In transcoelomic, masses are seen only on the SURFACE of the organ.

Question 8

WHERE SHOULD THE FIRST AREAS CHECKED FOR METASTASIS BE?

Answer 8

-Regional lymph nodes
-Liver
Lungs

Question 9

ROUTES OF TUMOUR METASTASIS

Answer 9

From tissues to blood, lymphatic vessels.
Can then travel to spleen.
Liver, lungs and regional lymph nodes should be the first areas checked for metastasis- Rich blood supply/lymphatic drainage.

Question 10

SUPPRESSION OF METASTASIS

Answer 10

Metastatic potential is the cumulative effect of many genetic alterations.
There are a small number of identified genes involved in suppression of metastasis:
Gene encoding E-CADHERIN- E-cadherin is a component of adherence junctions.
It therefore suppresses metastasis by stopping tumour cells separating and metastasising.

Question 11

NECESSITIES FOR SUCCESSFUL TUMOUR GROWTH

Answer 11

Solid tumours greater than 1-2mm diameter. Angiogenesis is switched ON. This allows the tumour to INDUCE and SUSTAIN NEW TUMOUR VASCULATURE.

Complex:

• Recruitment of endothelial cells from pre-existing vessels.
• Endothelial cell proliferation
• Directed migration through the ECM
• Maturation and differentiation of the capillary sprout.
• > ANGIOGENESIS.

Question 12

ANGIOGENESIS

Answer 12

Stimulation of HOST blood vessel growth.
Seen in solid tumours over 1-2mm diameter.
Requires oxygen and nutrients.
(Vascular Endothelial Growth Factor VEGF, acidic and basic fibroblastic growth factors)

Question 13

CONTROL OF ANGIOGENESIS

Answer 13

Control is a balance between angiogenesis stimulating (VEGF) and angiogenesis inhibiting (eg. thrombospondin) factors.
Tumour protease activity can be important in angiogenesis control.

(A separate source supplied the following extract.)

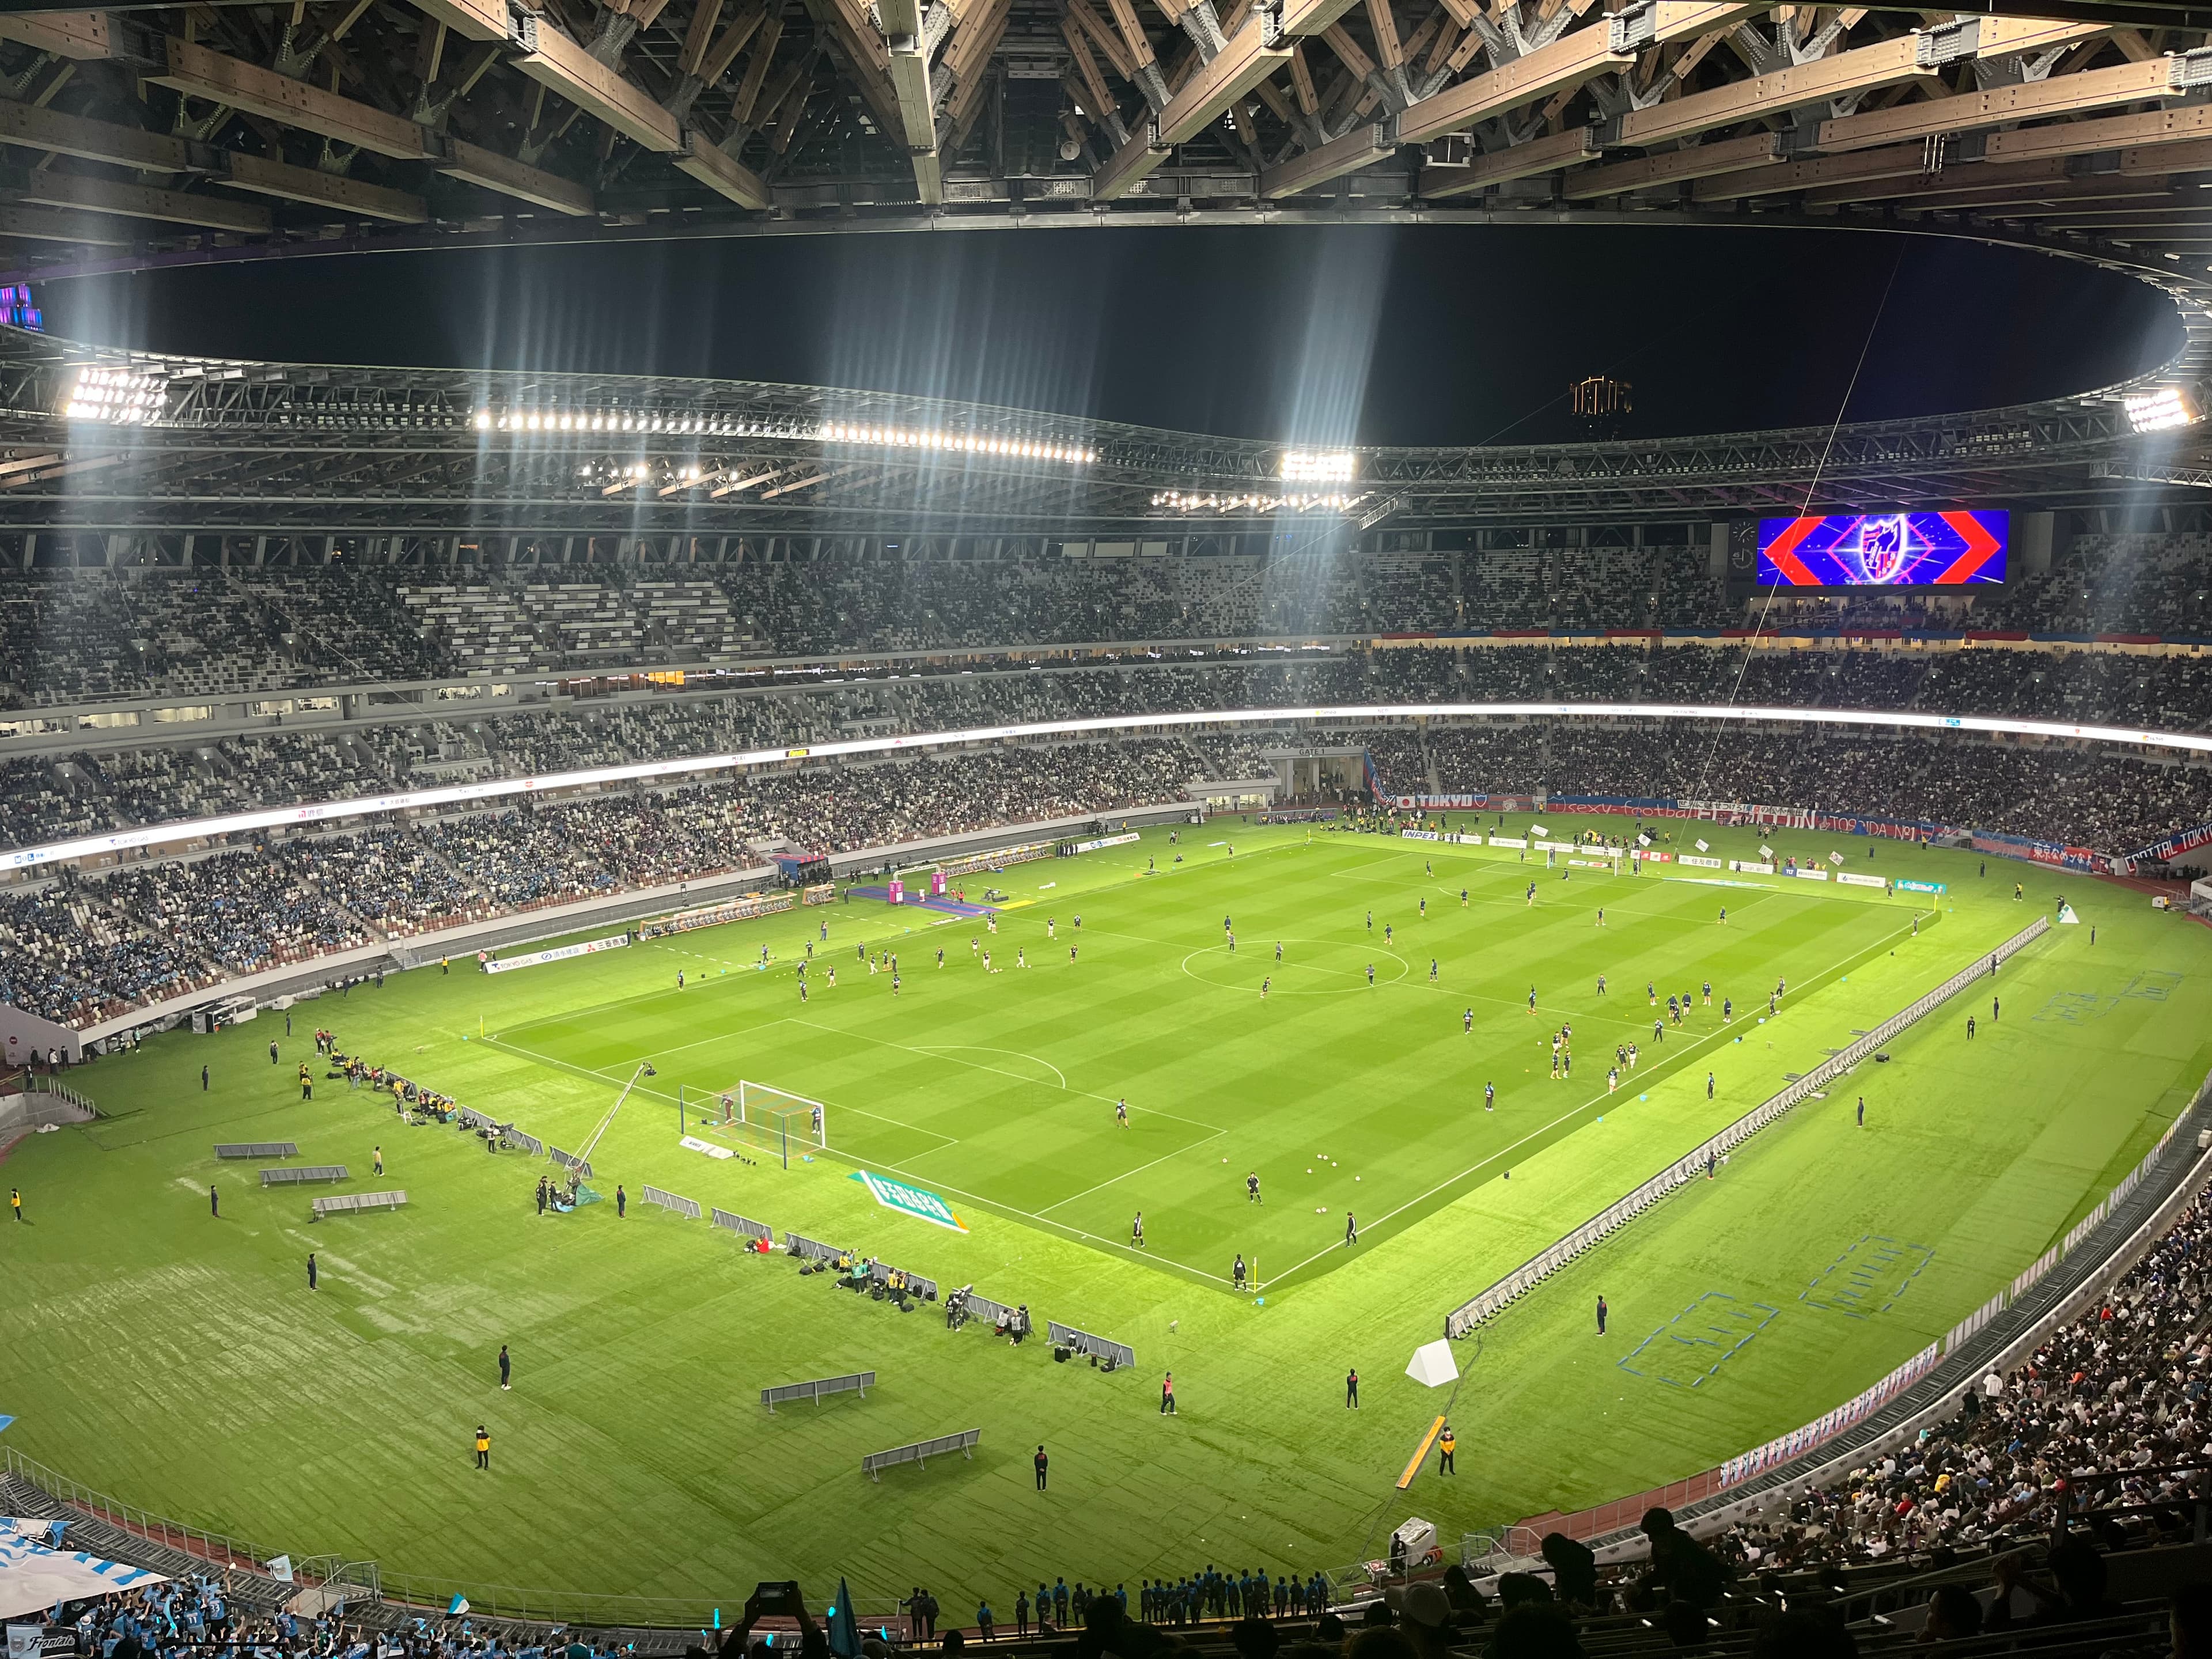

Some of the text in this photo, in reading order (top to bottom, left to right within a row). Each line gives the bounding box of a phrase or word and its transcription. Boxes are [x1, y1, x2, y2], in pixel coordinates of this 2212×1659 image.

It causes breakdown of basement membrane/ECM proteins, allowing release of angiogenic/antiangiogenic ECM-bound factors, including VEGF.

Question 14

NORMAL TISSUE VASCULATURE

Answer 14

The mature network of blood vessels is stable, with structure and function of wall and network being appropriate to location (eg. arteries vs veins)

Question 15

TUMOUR VASCULATURE

Answer 15

An evolving network of unstable vessels, with ABNORMAL structure and function, inappropriate to the vessel location.

Question 16

STAGES IN TUMOUR ANGIOGENESIS

Answer 16

• Endothelial cell recruitment
• Endothelial cell proliferation
• Directed migration through the ECM
• Maturation and differentiation of the capillary sprout.

Question 17

CHARACTERISTICS AND FUNCTIONS OF TUMOUR VASCULATURE

Answer 17

• Tumour blood vessels are dilated, tortuous and permeable.
• Vessel leakiness means perivascular fibrin can be involved in tumour stroma formation.
• Endothelial cells produce growth factors -> Platelet Derived Growth Factor (PDGF), IL-1 (interleukin) -> STIMULATE TUMOUR CELL GROWTH.

Tumour associated lymphatics are essential for metastasis of solid tumours to regional lymph nodes.

In human tumours, there is a strong correlation between levels of VEGF and lymphatic metastasis.